However, I am also a design educator and train many people who wish to build a career in fashion designing. This blog’s purpose, in fact, is to show people that designing isn’t a elusive talent as the fashion world would have you believe. It is a constructive transferrable skill that can be easily developed and used in converting creative ideas into reality through professional engagement and technical execution. My goal is to show you how easily it can be done.

Similarly, factors that may tilt your decision towards designing-it-yourself thus superseding the commercialism of fashion world include the uniqueness of your creativity, better quality control, or proprietary ideas that needs to be protected. In short what I am trying to say is… “it is not rocket science” – enjoy the process of creating and owning it. YOU are the designer!

Now, I can hear some of you saying, “I don’t have any good ideas”. “I have no access to special equipment”. “I don’t know how to do that”. “I’ll only make mistakes”. “My things look so home-made”.
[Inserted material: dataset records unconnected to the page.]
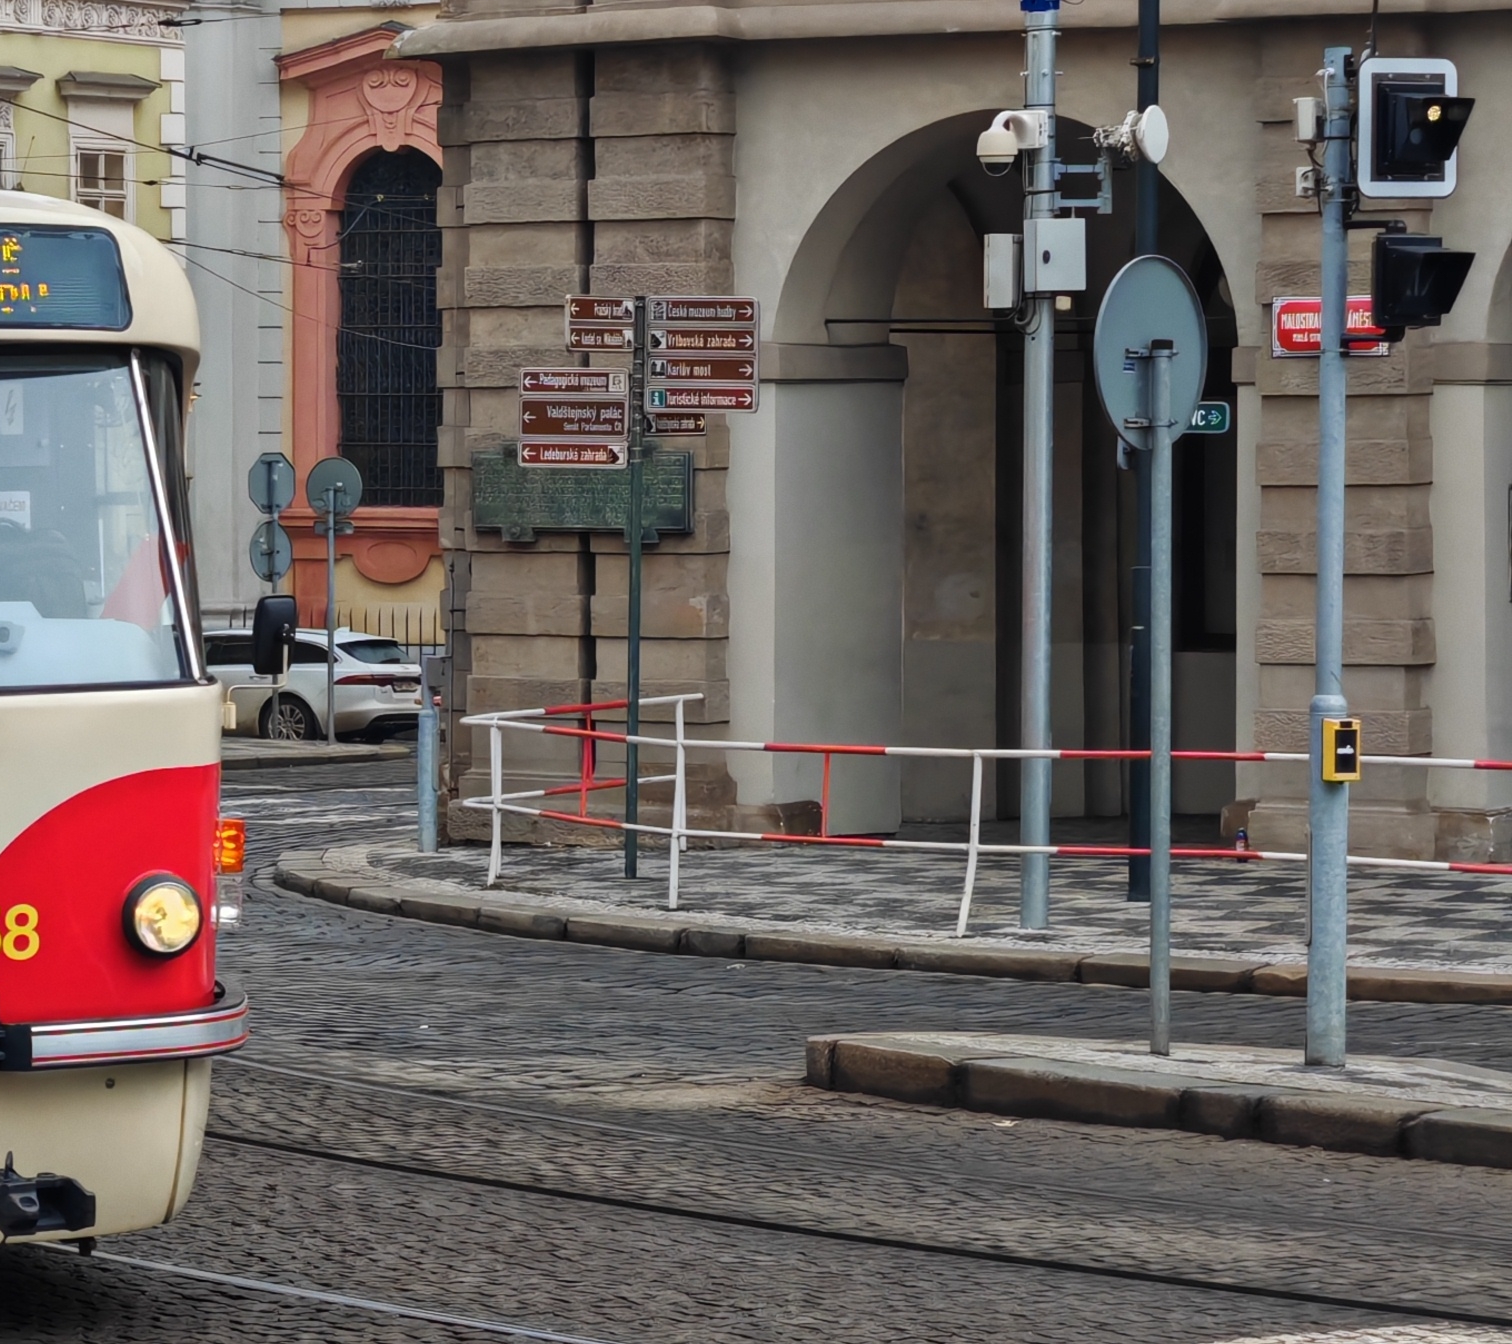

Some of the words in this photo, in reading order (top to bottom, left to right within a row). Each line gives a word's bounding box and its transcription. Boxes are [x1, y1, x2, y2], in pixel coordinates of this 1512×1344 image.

[1281, 312, 1322, 330] MALOSTRA
[707, 335, 736, 348] zahrada
[693, 364, 711, 376] most
[666, 391, 699, 406] Turistické
[700, 393, 736, 406] informace
[546, 405, 596, 422] Valdštejnský
[599, 405, 622, 422] palác
[540, 446, 578, 460] Ledeburská
[580, 447, 607, 460] zahrada
Let me tell you, all the above are true when you are a designer. There is a lot of trial and error. There is a lot of re-makes and re-dos. There are plenty of mistakes made in the process, but as designers we call that “research and development”. In fact, if you are not making mistakes, you are not trying hard enough. Value mistakes … believe it or not, mistakes can be beneficial.  They cause us to search for a different and often, a better way.  They facilitate experimentation with new materials, techniques, or styles.  Mistakes challenge you and are an important part of the design process because they provide unique opportunities for creativity. Regard them as design challenges, not mistakes.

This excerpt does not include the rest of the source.